Carefully observing the computation method of interim_salt and interim_hash, we can see that it is reversible.

$interim\_hash_1 = interim\_hash_2 \oplus hash\_rounds[i](interim\_salt_3)$

In this line of code, we already know $interim\_hash_1$ and $interim\_salt_3$ , from which we can deduce the value of $interim\_hash_2$ , which is the interim_hash from the previous round.
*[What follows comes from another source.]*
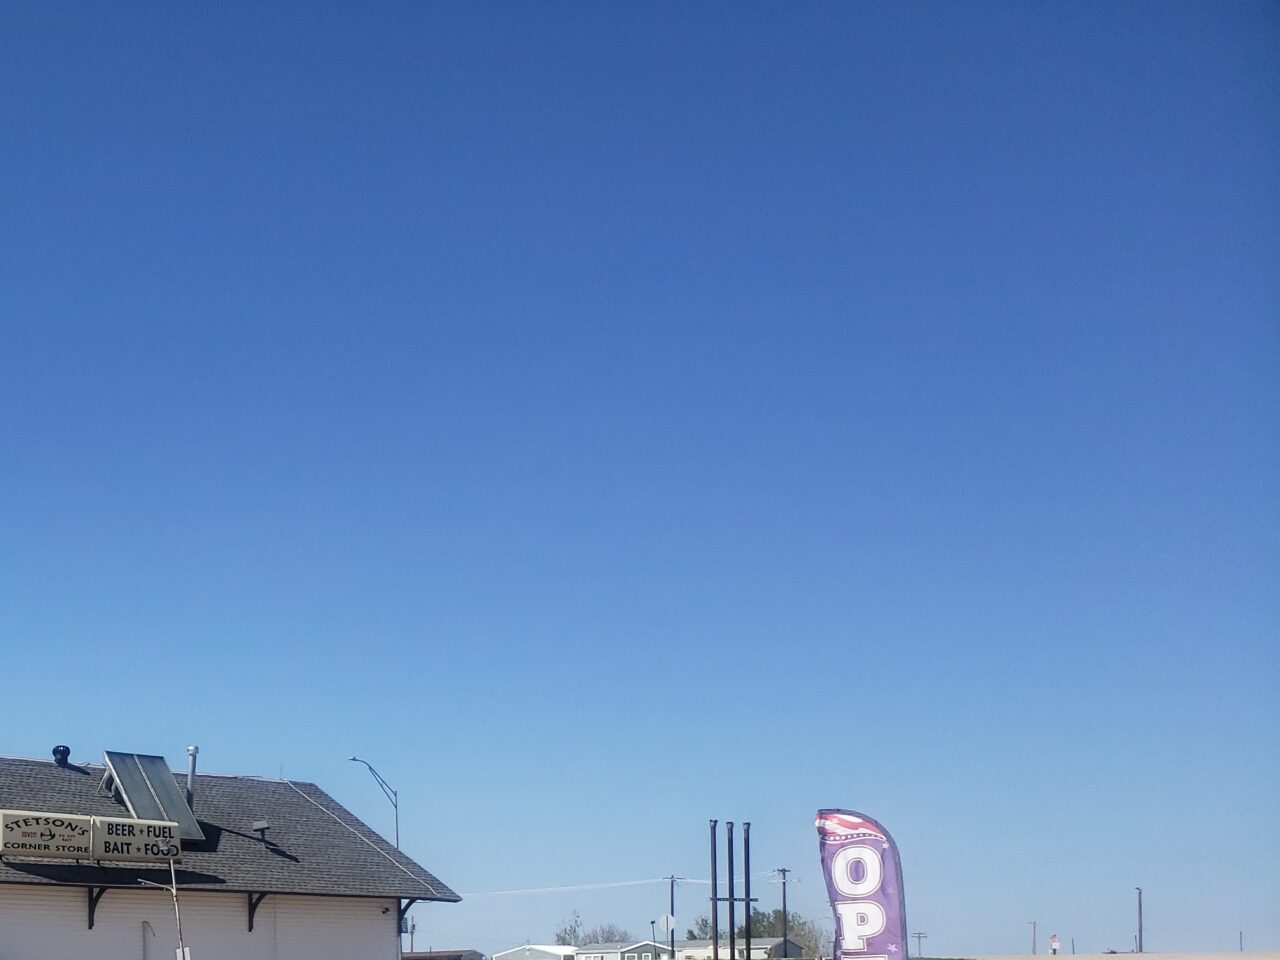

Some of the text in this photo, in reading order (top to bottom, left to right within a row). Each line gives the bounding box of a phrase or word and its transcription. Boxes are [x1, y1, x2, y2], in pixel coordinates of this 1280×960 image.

By reversing this method 32 times, we can obtain the original password and salt.

The specific decryption script is:

import os
import hashlib
import socket
import threading
import socketserver
import struct
import time
import threading
# import pyscrypt
from base64 import b64encode, b64decode
from pwn import *
def md5(bytestring):
    return hashlib.md5(bytestring).digest()
def sha(bytestring):
    return hashlib.sha1(bytestring).digest()
def blake(bytestring):
    return hashlib.blake2b(bytestring).digest()
def scrypt(bytestring):
    l = int(len(bytestring) / 2)
    salt = bytestring[:l]
    p = bytestring[l:]
    return hashlib.scrypt(p, salt=salt, n=2**16, r=8, p=1, maxmem=67111936)
    # return pyscrypt.hash(p, salt, 2**16, 8, 1, dkLen=64)
def xor(s1, s2):
    return b''.join([bytes([s1[i] ^ s2[i % len(s2)]]) for i in range(len(s1))])
def main():
    # io = socket.socket(family=socket.AF_INET)
    # io.connect(('47.88.216.38', 20013))
    io = remote('47.88.216.38', 20013)
    print(io.recv(1000))
    ans_array = bytearray()
    while True:
        buf = io.recv(1)
        if buf:
            ans_array.extend(buf)
        if buf == b'!':
            break

    password_hash_base64 = ans_array[ans_array.find(b"b'") + 2: ans_array.find(b"'\n")]
    password_hash = b64decode(password_hash_base64)
    print('password:', password_hash)
    method_bytes = ans_array[
        ans_array.find(b'used:\n') + 6 : ans_array.find(b'\nYour')
    ]
    methods = method_bytes.split(b'\n')
    methods = [bytes(x.strip(b'- ')).decode() for x in methods]
    print(methods)
    in_salt = password_hash[:64]
    in_hash = password_hash[64:]
    for pos, neg in zip(methods, methods[::-1]):
        '''
            interim_salt = xor(interim_salt, hash_rounds[-1-i](interim_hash))
            interim_hash = xor(interim_hash, hash_rounds[i](interim_salt))
        '''
        in_hash = xor(in_hash, eval("{}(in_salt)".format(neg)))
        in_salt = xor(in_salt, eval("{}(in_hash)".format(pos)))
    print(in_hash, in_salt)
    print(in_hash[-20:])
    io.interactive()
main()

Original Hash Algorithm¶

import os
import hashlib
import socket
import threading
import socketserver
import struct
import time

# import pyscrypt

from base64 import b64encode

def md5(bytestring):
    return hashlib.md5(bytestring).digest()

def sha(bytestring):
    return hashlib.sha1(bytestring).digest()

def blake(bytestring):
    return hashlib.blake2b(bytestring).digest()

def scrypt(bytestring):
    l = int(len(bytestring) / 2)
    salt = bytestring[:l]
    p = bytestring[l:]
    return hashlib.scrypt(p, salt=salt, n=2**16, r=8, p=1, maxmem=67111936)
    # return pyscrypt.hash(p, salt, 2**16, 8, 1)

def xor(s1, s2):
    return b''.join([bytes([s1[i] ^ s2[i % len(s2)]]) for i in range(len(s1))])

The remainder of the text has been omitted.